- _Work required_
Please transcribe the following records in full, exactly as given.

(Stored data entries)
== Segment start ==
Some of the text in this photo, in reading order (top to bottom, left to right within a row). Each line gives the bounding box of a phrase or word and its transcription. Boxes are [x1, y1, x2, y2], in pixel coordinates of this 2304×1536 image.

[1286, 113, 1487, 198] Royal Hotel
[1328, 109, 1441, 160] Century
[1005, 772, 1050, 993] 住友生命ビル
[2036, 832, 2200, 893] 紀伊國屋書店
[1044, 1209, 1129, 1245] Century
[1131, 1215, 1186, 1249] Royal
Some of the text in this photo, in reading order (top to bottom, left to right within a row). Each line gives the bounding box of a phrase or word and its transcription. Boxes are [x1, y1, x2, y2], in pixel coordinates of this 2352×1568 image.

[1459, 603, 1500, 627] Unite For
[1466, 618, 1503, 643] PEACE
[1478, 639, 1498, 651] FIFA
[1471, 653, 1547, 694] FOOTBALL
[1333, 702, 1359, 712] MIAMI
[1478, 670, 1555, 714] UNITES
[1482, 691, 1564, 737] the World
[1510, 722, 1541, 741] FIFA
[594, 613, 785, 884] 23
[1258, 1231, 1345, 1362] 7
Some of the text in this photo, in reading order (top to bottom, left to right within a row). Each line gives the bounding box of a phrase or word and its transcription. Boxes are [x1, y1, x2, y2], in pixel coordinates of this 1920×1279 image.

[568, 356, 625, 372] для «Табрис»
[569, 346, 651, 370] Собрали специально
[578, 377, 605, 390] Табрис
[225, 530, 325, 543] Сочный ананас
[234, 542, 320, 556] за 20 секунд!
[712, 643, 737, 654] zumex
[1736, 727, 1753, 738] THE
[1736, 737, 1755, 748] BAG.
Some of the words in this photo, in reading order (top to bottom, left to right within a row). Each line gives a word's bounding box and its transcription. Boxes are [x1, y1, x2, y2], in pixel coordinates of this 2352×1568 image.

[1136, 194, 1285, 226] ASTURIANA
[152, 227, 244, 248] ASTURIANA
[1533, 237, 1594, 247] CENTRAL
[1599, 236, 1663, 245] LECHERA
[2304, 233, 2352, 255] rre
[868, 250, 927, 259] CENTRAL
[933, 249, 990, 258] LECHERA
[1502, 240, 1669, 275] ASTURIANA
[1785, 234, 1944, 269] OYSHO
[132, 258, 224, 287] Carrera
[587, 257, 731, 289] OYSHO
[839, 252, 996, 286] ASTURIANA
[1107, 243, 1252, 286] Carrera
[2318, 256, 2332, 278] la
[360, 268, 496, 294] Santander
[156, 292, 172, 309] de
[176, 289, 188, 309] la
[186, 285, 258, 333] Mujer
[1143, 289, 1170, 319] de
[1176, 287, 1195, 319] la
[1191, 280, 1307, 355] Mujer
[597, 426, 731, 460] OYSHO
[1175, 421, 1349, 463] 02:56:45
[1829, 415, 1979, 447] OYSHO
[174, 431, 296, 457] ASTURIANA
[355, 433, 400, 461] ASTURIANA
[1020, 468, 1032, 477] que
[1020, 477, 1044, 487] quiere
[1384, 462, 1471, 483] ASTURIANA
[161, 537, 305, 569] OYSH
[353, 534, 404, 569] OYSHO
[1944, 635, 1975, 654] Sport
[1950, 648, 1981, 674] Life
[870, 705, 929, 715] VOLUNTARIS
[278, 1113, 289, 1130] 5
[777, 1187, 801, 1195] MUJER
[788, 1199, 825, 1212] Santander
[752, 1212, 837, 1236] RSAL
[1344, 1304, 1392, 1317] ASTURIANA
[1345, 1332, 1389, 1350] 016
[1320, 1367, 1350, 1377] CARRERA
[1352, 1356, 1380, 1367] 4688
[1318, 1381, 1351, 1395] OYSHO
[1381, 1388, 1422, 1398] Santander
== Segment end ==
- _Result of this task_
Some of the text in this photo, in reading order (top to bottom, left to right within a row). Each line gives the bounding box of a phrase or word and its transcription. Boxes are [x1, y1, x2, y2], in pixel coordinates of this 2304×1536 image.

[1286, 113, 1487, 198] Royal Hotel
[1328, 109, 1441, 160] Century
[1005, 772, 1050, 993] 住友生命ビル
[2036, 832, 2200, 893] 紀伊國屋書店
[1044, 1209, 1129, 1245] Century
[1131, 1215, 1186, 1249] Royal
Some of the text in this photo, in reading order (top to bottom, left to right within a row). Each line gives the bounding box of a phrase or word and its transcription. Boxes are [x1, y1, x2, y2], in pixel coordinates of this 2352×1568 image.

[1459, 603, 1500, 627] Unite For
[1466, 618, 1503, 643] PEACE
[1478, 639, 1498, 651] FIFA
[1471, 653, 1547, 694] FOOTBALL
[1333, 702, 1359, 712] MIAMI
[1478, 670, 1555, 714] UNITES
[1482, 691, 1564, 737] the World
[1510, 722, 1541, 741] FIFA
[594, 613, 785, 884] 23
[1258, 1231, 1345, 1362] 7
Some of the text in this photo, in reading order (top to bottom, left to right within a row). Each line gives the bounding box of a phrase or word and its transcription. Boxes are [x1, y1, x2, y2], in pixel coordinates of this 1920×1279 image.

[568, 356, 625, 372] для «Табрис»
[569, 346, 651, 370] Собрали специально
[578, 377, 605, 390] Табрис
[225, 530, 325, 543] Сочный ананас
[234, 542, 320, 556] за 20 секунд!
[712, 643, 737, 654] zumex
[1736, 727, 1753, 738] THE
[1736, 737, 1755, 748] BAG.
Some of the words in this photo, in reading order (top to bottom, left to right within a row). Each line gives a word's bounding box and its transcription. Boxes are [x1, y1, x2, y2], in pixel coordinates of this 2352×1568 image.

[1136, 194, 1285, 226] ASTURIANA
[152, 227, 244, 248] ASTURIANA
[1533, 237, 1594, 247] CENTRAL
[1599, 236, 1663, 245] LECHERA
[2304, 233, 2352, 255] rre
[868, 250, 927, 259] CENTRAL
[933, 249, 990, 258] LECHERA
[1502, 240, 1669, 275] ASTURIANA
[1785, 234, 1944, 269] OYSHO
[132, 258, 224, 287] Carrera
[587, 257, 731, 289] OYSHO
[839, 252, 996, 286] ASTURIANA
[1107, 243, 1252, 286] Carrera
[2318, 256, 2332, 278] la
[360, 268, 496, 294] Santander
[156, 292, 172, 309] de
[176, 289, 188, 309] la
[186, 285, 258, 333] Mujer
[1143, 289, 1170, 319] de
[1176, 287, 1195, 319] la
[1191, 280, 1307, 355] Mujer
[597, 426, 731, 460] OYSHO
[1175, 421, 1349, 463] 02:56:45
[1829, 415, 1979, 447] OYSHO
[174, 431, 296, 457] ASTURIANA
[355, 433, 400, 461] ASTURIANA
[1020, 468, 1032, 477] que
[1020, 477, 1044, 487] quiere
[1384, 462, 1471, 483] ASTURIANA
[161, 537, 305, 569] OYSH
[353, 534, 404, 569] OYSHO
[1944, 635, 1975, 654] Sport
[1950, 648, 1981, 674] Life
[870, 705, 929, 715] VOLUNTARIS
[278, 1113, 289, 1130] 5
[777, 1187, 801, 1195] MUJER
[788, 1199, 825, 1212] Santander
[752, 1212, 837, 1236] RSAL
[1344, 1304, 1392, 1317] ASTURIANA
[1345, 1332, 1389, 1350] 016
[1320, 1367, 1350, 1377] CARRERA
[1352, 1356, 1380, 1367] 4688
[1318, 1381, 1351, 1395] OYSHO
[1381, 1388, 1422, 1398] Santander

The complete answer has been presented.